La mélodie du cantique Silence, ciel ; silence, terre, a servi de thème à messire J.-J. Perrault, prêtre du Séminaire de Saint-Sulpice, à Montréal, pour un joli travail harmonique qui fait le début (Kyrie) de sa messe intitulée : Deo Infanti, et dédiée à l’Enfant Jésus.

Joseph-Julien Perrault naquit à Montréal, en 1826, d’une famille honorable, l’une des plus anciennes de la cité et alliée à des personnages politiques qui jouèrent un rôle proéminent dans l’histoire de notre pays. Il fit ses études classiques au Collège de Montréal et son cours de théologie au Séminaire de Saint-Sulpice, à Paris. Élevé au sacerdoce et devenu enfant de la grande famille religieuse de Monsieur Olier, l’abbé Perrault revint au Canada en 1850 comme professeur au Collège de Montréal. En 1853, il exerça le ministère à la paroisse de Notre-Dame de Montréal. En 1862, il fut nommé chapelain de la communauté des Frères de la Doctrine Chrétienne. Actif et zélé dans l’accomplissement de ses devoirs, il s’acquit encore une réputation méritée d’orateur.

Ce fut lui qui prêcha la retraite du Jubilé, donnée à Montréal en décembre 1865. Ce fut le plus grand acte de son ministère ; le dernier aussi malheureusement. Quelques jours après, à la suite des fatigues encourues par ce puissant effort d’éloquence, les premiers symptômes du mal qui devait l’emporter se déclarèrent. L’abbé Perrault mourut le 22 août 1866, dans la quarantième année de son âge, et la seizième de son sacerdoce.
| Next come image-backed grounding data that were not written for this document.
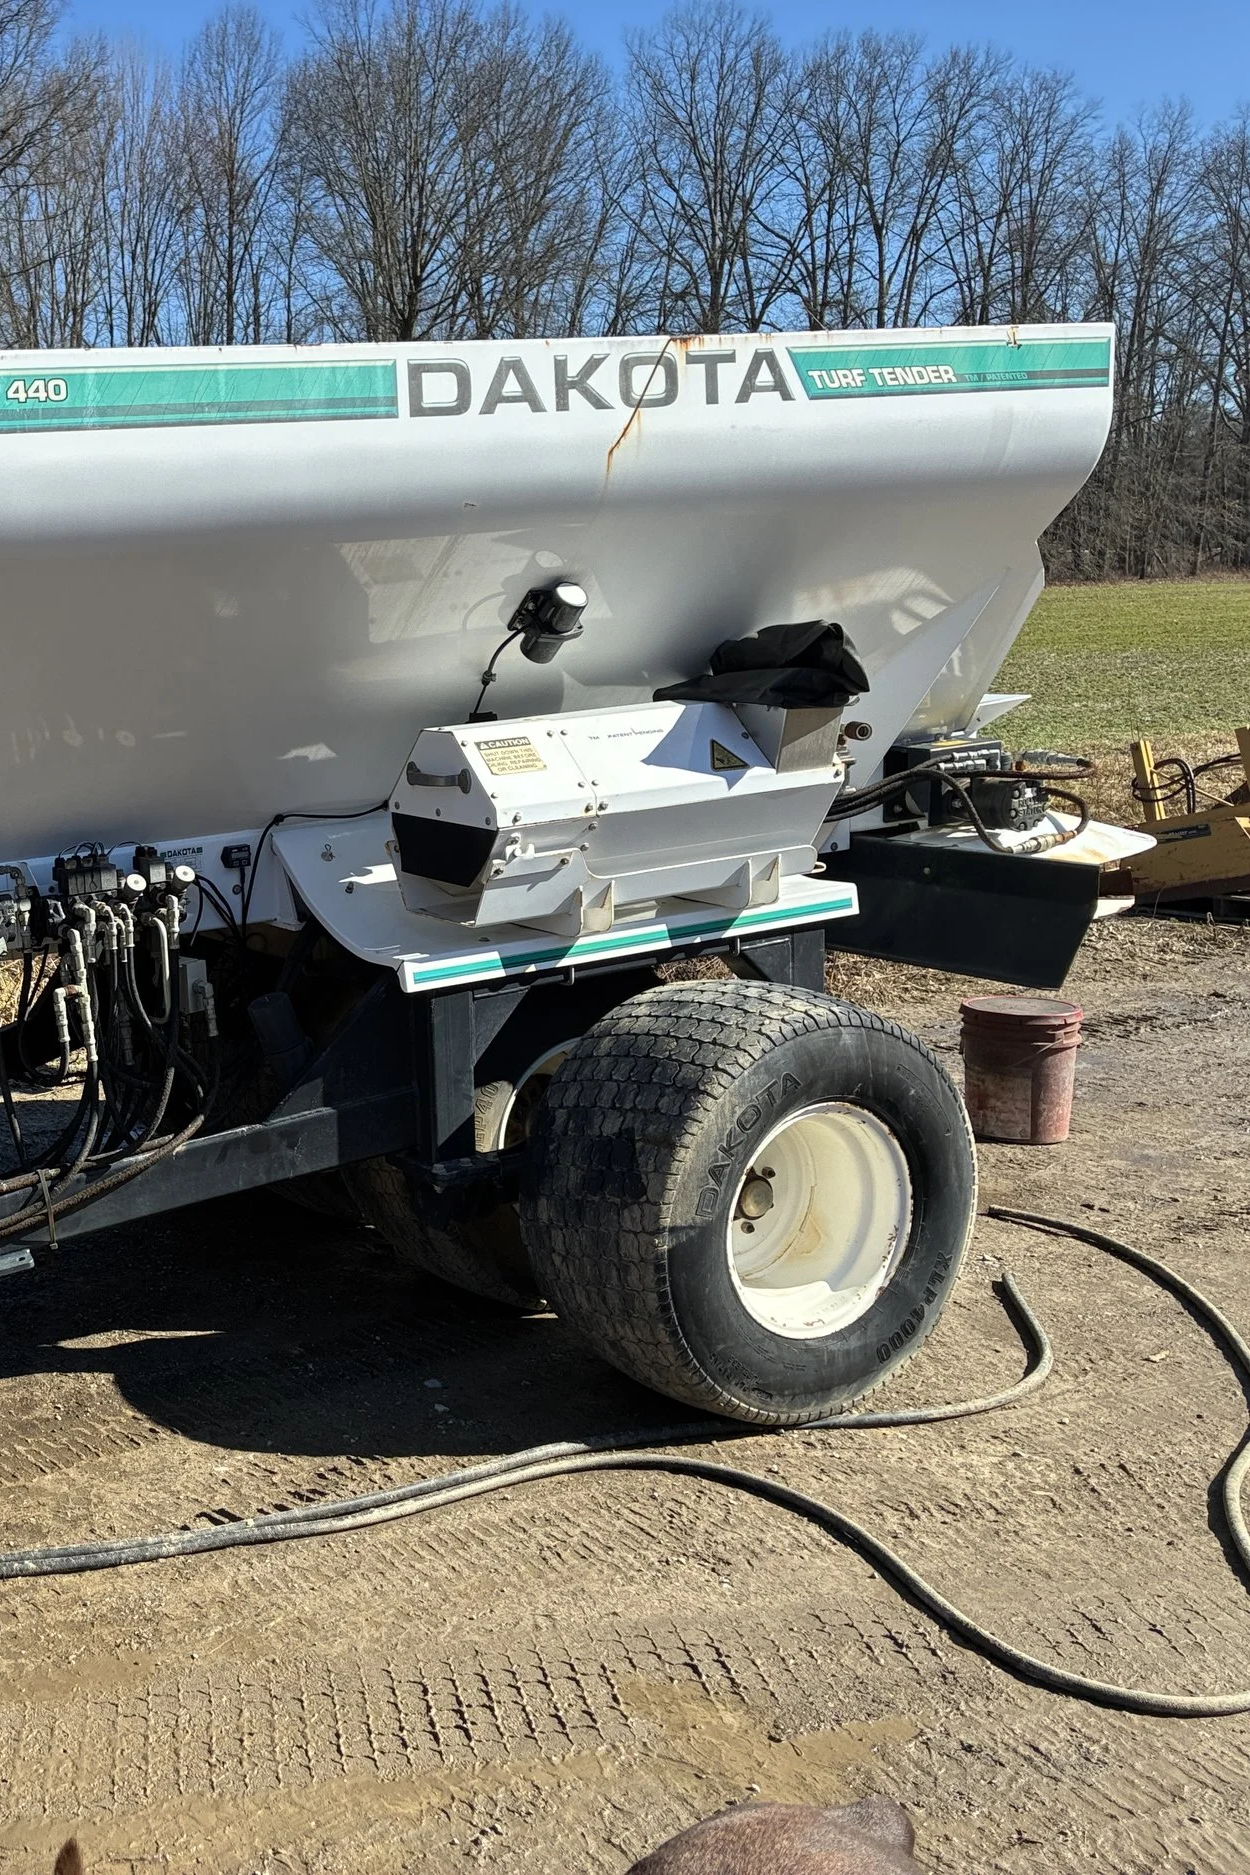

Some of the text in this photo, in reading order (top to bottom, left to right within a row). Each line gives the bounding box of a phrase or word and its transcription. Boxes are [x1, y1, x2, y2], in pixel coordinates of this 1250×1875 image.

[6, 377, 69, 404] 440
[407, 347, 797, 418] DAKOTA
[806, 367, 867, 390] TURF
[868, 364, 958, 387] TENDER
[985, 371, 1029, 382] PATENTED
[488, 738, 530, 749] CAUTION
[167, 847, 197, 858] DAKOTA
[694, 1071, 803, 1222] DAKOTA
[876, 1250, 953, 1365] XLP4000
En dehors des travaux absorbants du saint ministère, l’abbé Perrault étudiait et pratiquait avec un grand succès la musique religieuse pour laquelle il avait manifesté, dès l’enfance, des aptitudes et un goût très vif. Il s’était formé à peu près seul, et sans maître. « Personne mieux que lui, » écrivait en 1870 un de ses confrères sulpiciens, l’abbé Lazare-Arsène Barbarin, « personne mieux que lui ne lisait plus rapidement une partition et ne l’appréciait plus sûrement. Sans le secours d’aucun instrument, dans le silence de son cabinet d’études, et à première vue, il pénétrait à fond un ouvrage, si compliquée qu’en fût sa composition. »

Également familier avec les instruments d’orchestre, il savait bien saisir le caractère de chacun d’eux. Il les employait avec intelligence, toujours à propos, et de la manière la plus agréable. Il avait du reste ce qu’on pourrait appeler l’instinct de l’effet et devinait avec un bonheur et une justesse remarquables tout ce qui était le mieux apte à le produire.
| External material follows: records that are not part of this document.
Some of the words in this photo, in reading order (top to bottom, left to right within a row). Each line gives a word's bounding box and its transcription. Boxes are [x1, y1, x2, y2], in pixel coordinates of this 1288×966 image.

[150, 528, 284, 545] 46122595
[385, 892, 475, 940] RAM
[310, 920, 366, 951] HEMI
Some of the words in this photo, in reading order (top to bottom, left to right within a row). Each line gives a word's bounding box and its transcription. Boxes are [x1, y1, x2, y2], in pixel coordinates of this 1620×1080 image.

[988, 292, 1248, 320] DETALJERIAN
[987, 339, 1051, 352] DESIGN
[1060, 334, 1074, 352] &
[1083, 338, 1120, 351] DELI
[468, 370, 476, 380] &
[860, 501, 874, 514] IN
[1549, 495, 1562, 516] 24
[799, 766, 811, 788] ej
C’est avec ce concours heureux de connaissances théoriques et expérimentales qu’il entreprit, en 1859, la composition d’une messe dédiée à l’Enfant Jésus, Deo Infanti, écrite, en entier, sur d’anciens airs de cantiques de Noël.

L’initiative dans ce genre de travail ne lui appartient pas. L’honneur et le mérite en reviennent à un musicien français Stéphane-Louis Nicou-Choron, et Perrault s’inspira, non point de l’œuvre, mais de l’idée de ce maître qui avait publié une Petite messe pour la Nativité de Notre-Seigneur, entièrement composée sur des airs de noëls, — pour trois voix d’enfants, avec orgue et orchestre.

Né à Paris, le 20 avril 1809, Nicou fut admis dès l’âge de dix ans à l’école de Choron qui le prit en affection à cause de son intelligence et de ses dispositions artistiques. Il devint, plus tard, professeur de cette même école, et, en 1832, y fut nommé inspecteur des études. À la mort de son maître, dont il était devenu le gendre, Nicou prit la direction effective de l’école, mais celle-ci, abandonnée par le gouvernement et laissée à ses seules forces, ne tarda pas à disparaître. Tout en se livrant à l’enseignement particulier, Nicou-Choron s’adonna avec ardeur à la composition et publia, ou fit exécuter, un grand nombre d’œuvres de musique religieuse. On lui doit, entre autres, plusieurs messes solennelles avec orchestre, des messes brèves, à une ou plusieurs voix, avec accompagnement d’orgue, de nombreux motets et des cantiques plus nombreux encore, des oratorios pour Noël, Pâques et la Pentecôte, plusieurs cantates, une marche religieuse à grand orchestre, etc., etc.[1]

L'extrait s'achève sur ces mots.